Energetics of heterotropic cooperativity between α-naphthoflavone and testosterone binding to CYP3A4

Cytochrome P450 3A4 (CYP3A4) is involved in the metabolism of a majority of drugs. Heterotropic cooperativity of drug binding to CYP3A4 was examined with the flavanoid, α-naphthoflavone (ANF) and the steroid, testosterone (TST). UV–vis and EPR spectroscopy of CYP3A4 show that ANF binding to CYP3A4 occurs with apparent negative cooperativity and that there are at least two binding sites: (1) a relatively tight spin-state insensitive binding site (CYP·ANF) and (2) a relatively low affinity spin-state sensitive binding site (CYP·ANF·ANF). Since binding to the spin-state insensitive binding site is considerably tighter for ANF than TST, the spin-state insensitive binding site could be occupied by ANF, while titrating TST at the other site(s). The spin-state insensitive binding site of ANF appears to compete with the spin-state insensitive binding site of TST. The formation of the spin-state insensitive CYP·ANF complex is strongly temperature dependent, when compared to the formation of the CYP·TST complex, suggesting that the formation of the CYP3A4·ANF complex leads to long-range conformational changes within the protein.

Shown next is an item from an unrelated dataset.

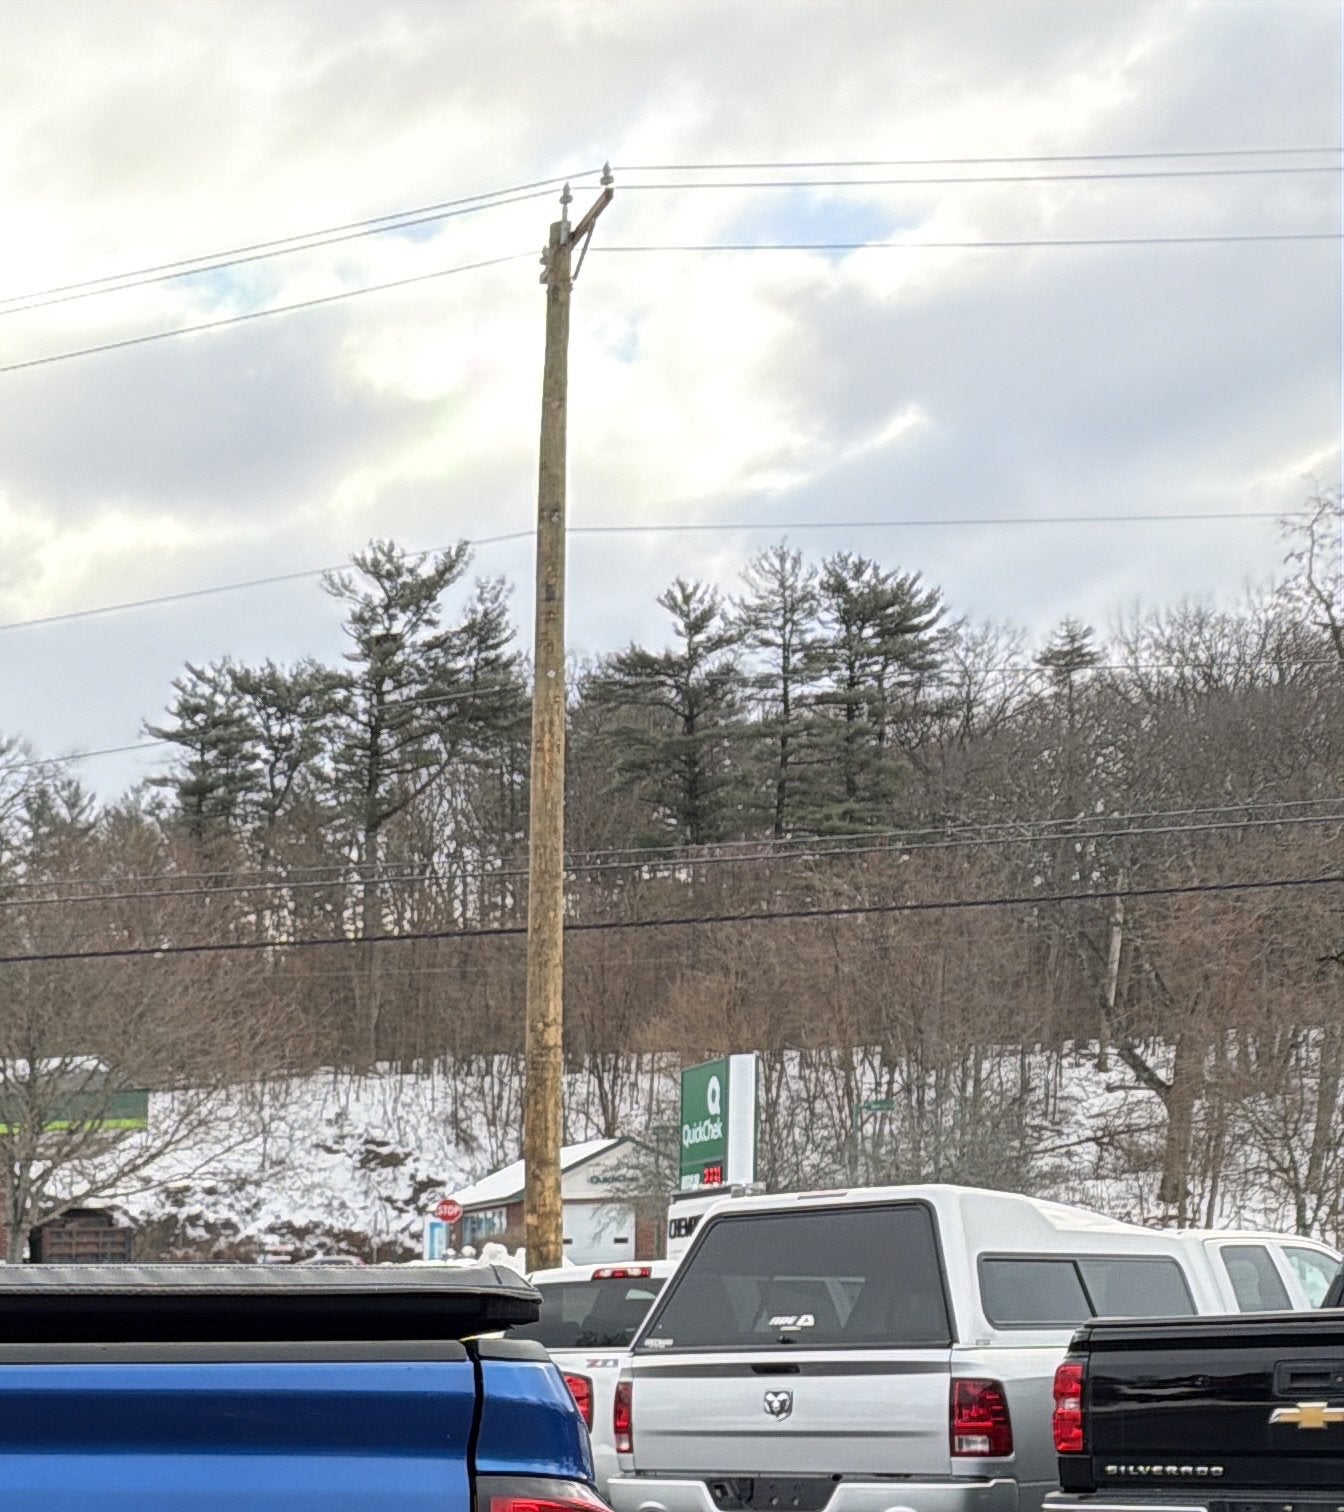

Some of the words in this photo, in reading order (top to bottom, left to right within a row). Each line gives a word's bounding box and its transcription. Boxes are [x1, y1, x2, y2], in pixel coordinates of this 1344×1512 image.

When the CYP·ANF complex is titrated with TST, the formation of CYP·ANF·TST is favored by 3:1 over the formation of CYP·TST·TST, suggesting that there is an allosteric interaction between ANF and TST. A model of heterotropic cooperativity of CYP3A4 is presented, where the spin-state insensitive binding of ANF occurs at the same peripheral binding site of CYP3A4 as TST.